DATA SHOWN Start Marker
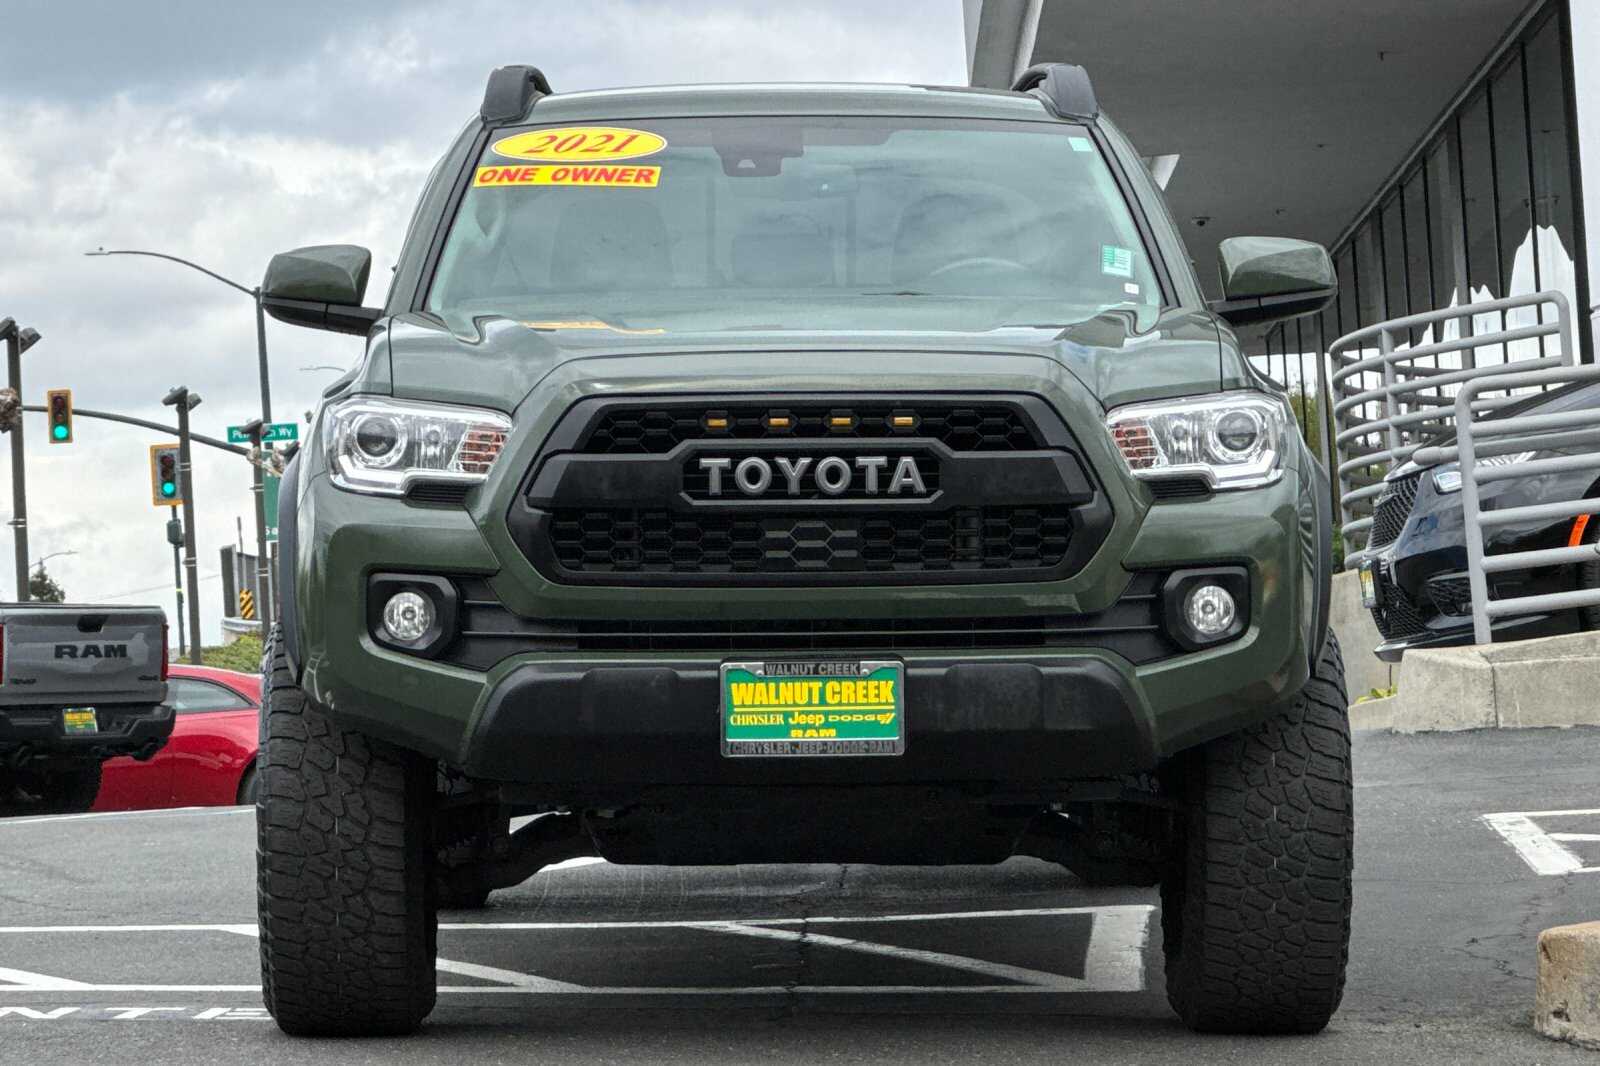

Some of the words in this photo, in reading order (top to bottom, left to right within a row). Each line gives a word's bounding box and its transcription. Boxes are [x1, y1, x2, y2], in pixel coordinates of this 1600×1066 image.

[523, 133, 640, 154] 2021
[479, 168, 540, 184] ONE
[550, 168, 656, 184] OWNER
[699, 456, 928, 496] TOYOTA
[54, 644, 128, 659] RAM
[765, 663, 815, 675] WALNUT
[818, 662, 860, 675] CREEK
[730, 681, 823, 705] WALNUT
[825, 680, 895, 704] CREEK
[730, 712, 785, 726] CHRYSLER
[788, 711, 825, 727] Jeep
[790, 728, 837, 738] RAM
DATA SHOWN End Marker
**YOUR INSTRUCTIONS**
Would you set down every line of the data above exactly, skipping the pictures?

**REPLY**
Some of the words in this photo, in reading order (top to bottom, left to right within a row). Each line gives a word's bounding box and its transcription. Boxes are [x1, y1, x2, y2], in pixel coordinates of this 1600×1066 image.

[523, 133, 640, 154] 2021
[479, 168, 540, 184] ONE
[550, 168, 656, 184] OWNER
[699, 456, 928, 496] TOYOTA
[54, 644, 128, 659] RAM
[765, 663, 815, 675] WALNUT
[818, 662, 860, 675] CREEK
[730, 681, 823, 705] WALNUT
[825, 680, 895, 704] CREEK
[730, 712, 785, 726] CHRYSLER
[788, 711, 825, 727] Jeep
[790, 728, 837, 738] RAM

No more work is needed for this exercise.